-- Task requirements --
Retype all data exactly as given. Pictures should not be retyped.

Spatial localization data:
- Opening Delimiter -
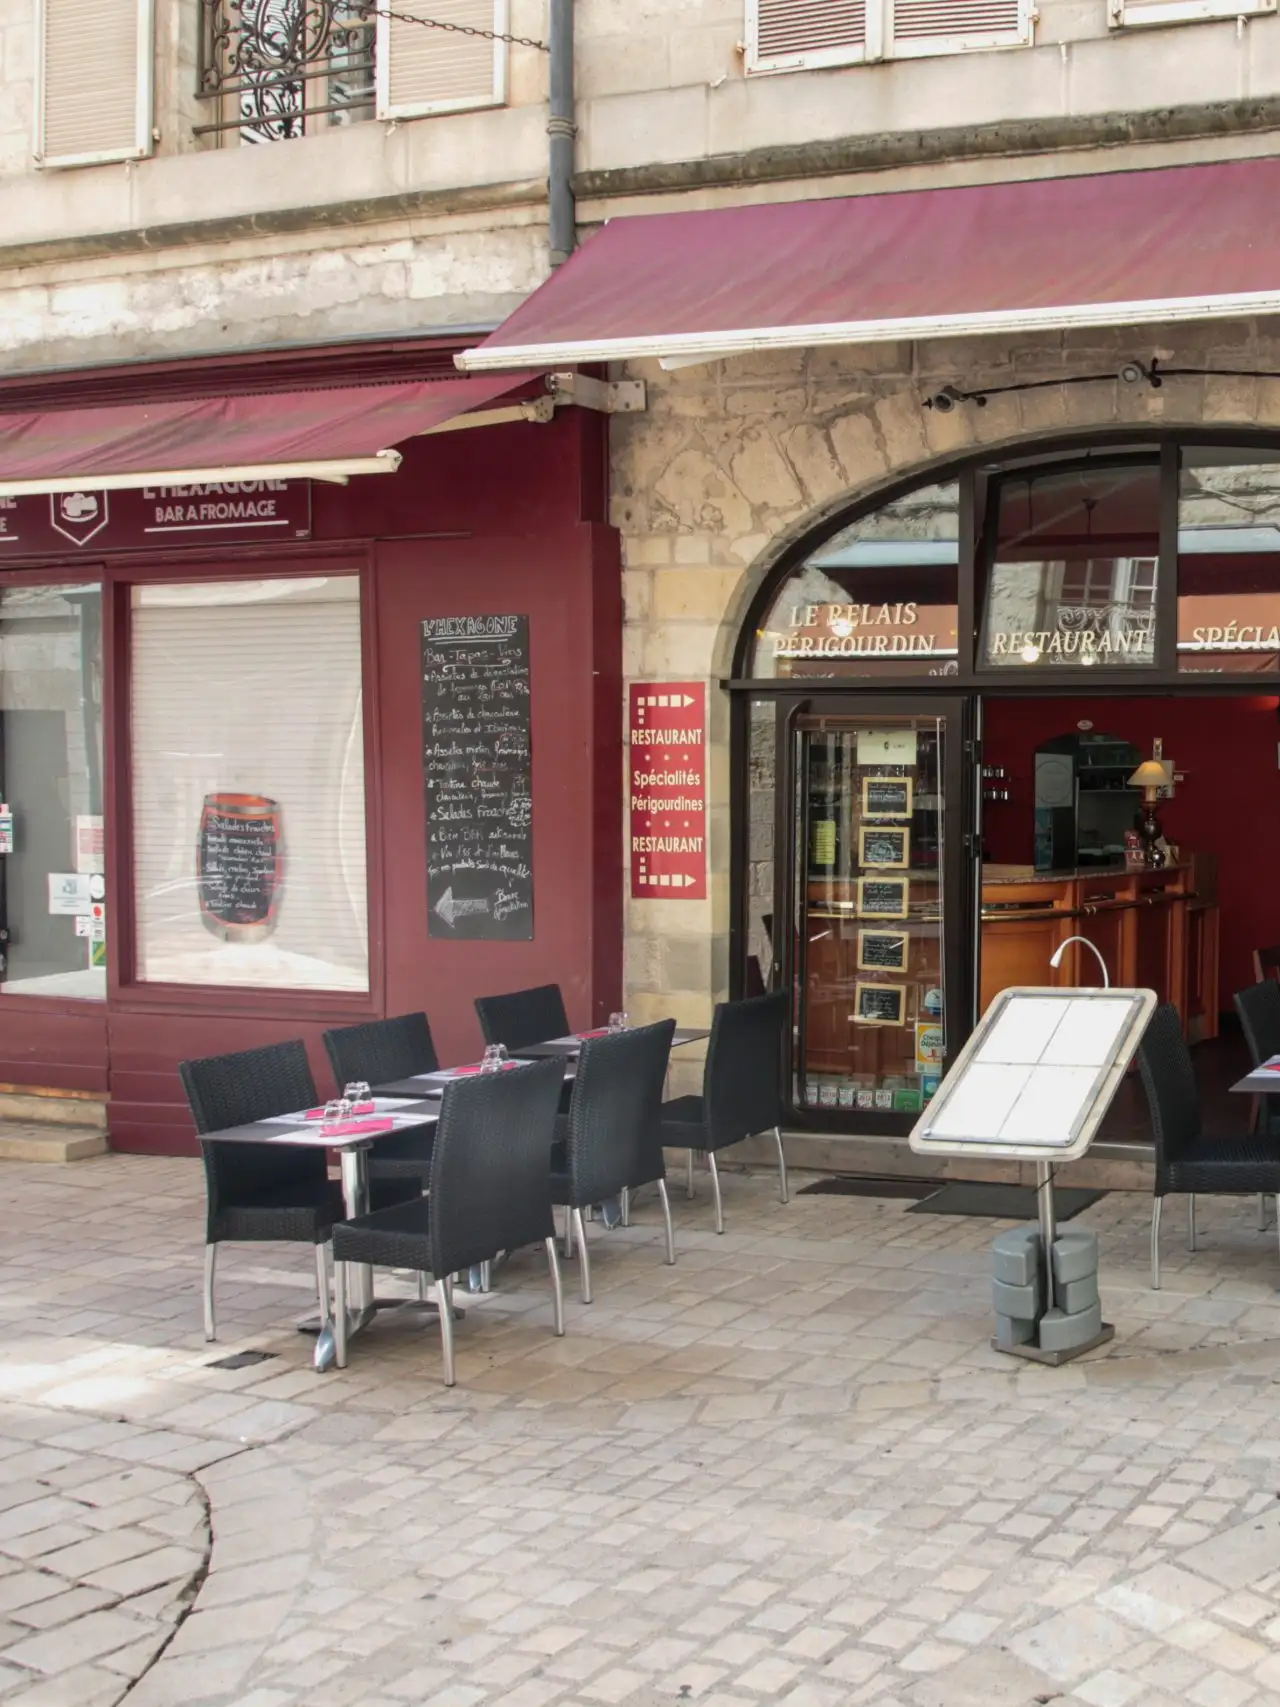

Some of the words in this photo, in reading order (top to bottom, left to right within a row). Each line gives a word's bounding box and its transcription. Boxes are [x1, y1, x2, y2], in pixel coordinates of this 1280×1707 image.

[155, 505, 184, 523] BAR
[186, 504, 199, 521] A
[199, 499, 277, 521] FROMAGE
[423, 615, 519, 637] L'HEXAGONE
[789, 605, 819, 628] LE
[827, 602, 918, 626] RELAIS
[773, 630, 936, 657] PÉRIGOURDIN
[991, 629, 1148, 655] RESTAURANT
[631, 728, 703, 746] RESTAURANT
[633, 768, 701, 789] Spécialités
[631, 794, 704, 814] Périgourdines
[632, 836, 704, 853] RESTAURANT
- Closing Delimiter -
-- The answer --
Some of the words in this photo, in reading order (top to bottom, left to right within a row). Each line gives a word's bounding box and its transcription. Boxes are [x1, y1, x2, y2], in pixel coordinates of this 1280×1707 image.

[155, 505, 184, 523] BAR
[186, 504, 199, 521] A
[199, 499, 277, 521] FROMAGE
[423, 615, 519, 637] L'HEXAGONE
[789, 605, 819, 628] LE
[827, 602, 918, 626] RELAIS
[773, 630, 936, 657] PÉRIGOURDIN
[991, 629, 1148, 655] RESTAURANT
[631, 728, 703, 746] RESTAURANT
[633, 768, 701, 789] Spécialités
[631, 794, 704, 814] Périgourdines
[632, 836, 704, 853] RESTAURANT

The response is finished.